Another possibility is to reject the identification of Tel Beer-sheba with the site of Biblical Beer-sheba. But Tel Beer-sheba is the only fortified mound in the vicinity of Roman and modern Beer-sheba, and its modern Arabic name, Tell es-Saba, preserves a clear linguistic element of Beer-sheba. So this is not a very likely explanation.
Another explanation, first offered by Yohanan Aharoni, is to move the Patriarchal Age forward to the 13th or 12th century B.C., the dates of Stratum IX and VIII. In other words, the patriarchal stories concerning Beer-sheba should he regarded as originating at the end of the second millennium B.C. during the so-called settlement period. This is the explanation to which I incline.
A final suggestion relates to an ancient well which has been located in the center of the eastern slope of the mound just outside the ring of houses that fortified the city in Stratum VII. The well, uncovered in excavations, is obviously a very ancient one and is located in a very unusual place: It was cut on the hill and not lower down in the wadi.
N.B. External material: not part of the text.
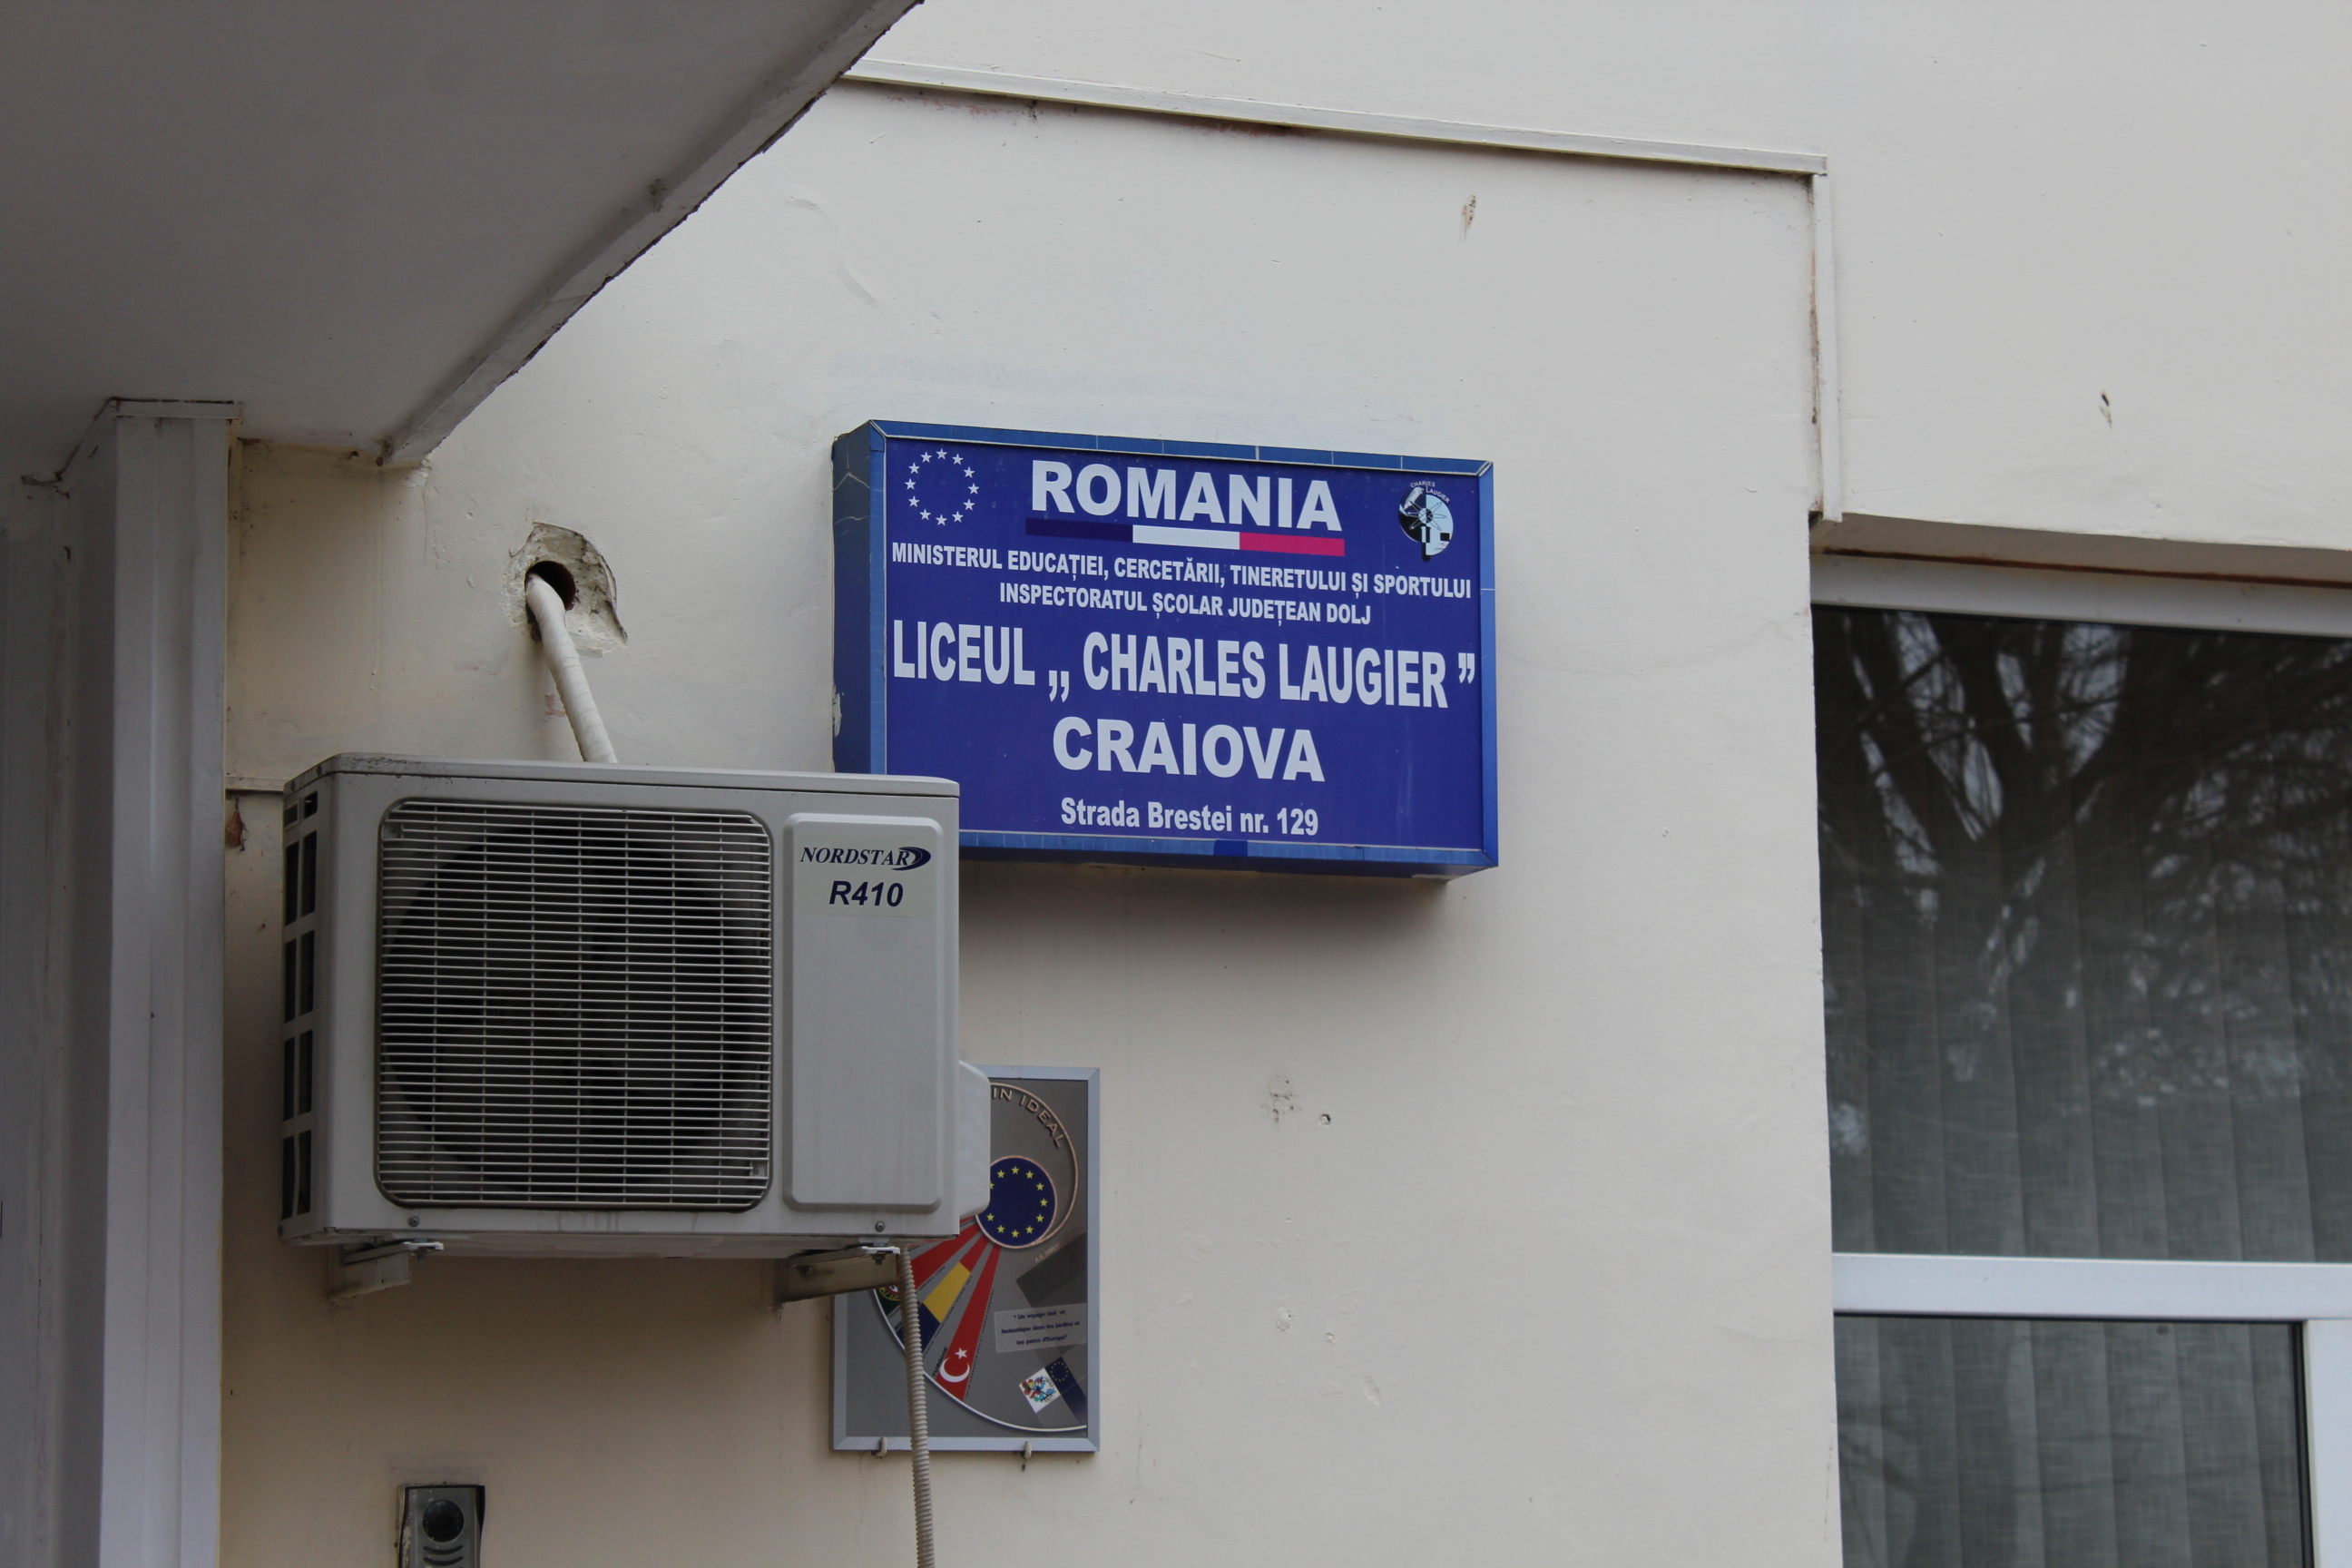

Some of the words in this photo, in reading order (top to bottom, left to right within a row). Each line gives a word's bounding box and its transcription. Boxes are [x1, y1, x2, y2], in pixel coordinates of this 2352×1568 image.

Therefore it had to be four times deeper than a well dug at the base of the hill. The shaft of this well on the hill was hewn from solid rock and the upper part is strengthened by a stone lining. We believe this well was dug during the period of Stratum VIII or IX, and therefore provides additional evidence regarding the dating of the Patriarchal Age at Beer-sheba. That none of the walls built on the site were cut by the well establishes that it was incorporated into the very first settlement and that, in later phases, the houses were built at locations relative to the existence and use of the well. We attempted to clean the well and examine the debris deposited in it. Technical problems prevented us from going deeper than about 100 feet and reaching the well’s earliest deposits.
Unfortunately, we cannot conclusively settle the many questions regarding the existence or the dating of the Patriarchal Age on the basis of the evidence from Beer-sheba. For that we must await the vast accumulation of evidence from sites throughout the Near East. But it is tempting to conclude that this well was—whether in the 13th century B.C. or at some earlier time—the “Well of the Oath” where Abraham and Abimelech made their covenant (Genesis 21:32).
(The study summarized in this article was carried out during the academic year 1977/1978 at the University of Pennsylvania in Philadelphia where the author spent his sabbatical leave from the Institute of Archaeology at Tel Aviv University. Dr. Herzog wishes to express his appreciation to the Oriental Studies department and the Ancient History Program for their kind hospitality and the Penn-Israel program of the University of Pennsylvania whose contribution made possible this research.)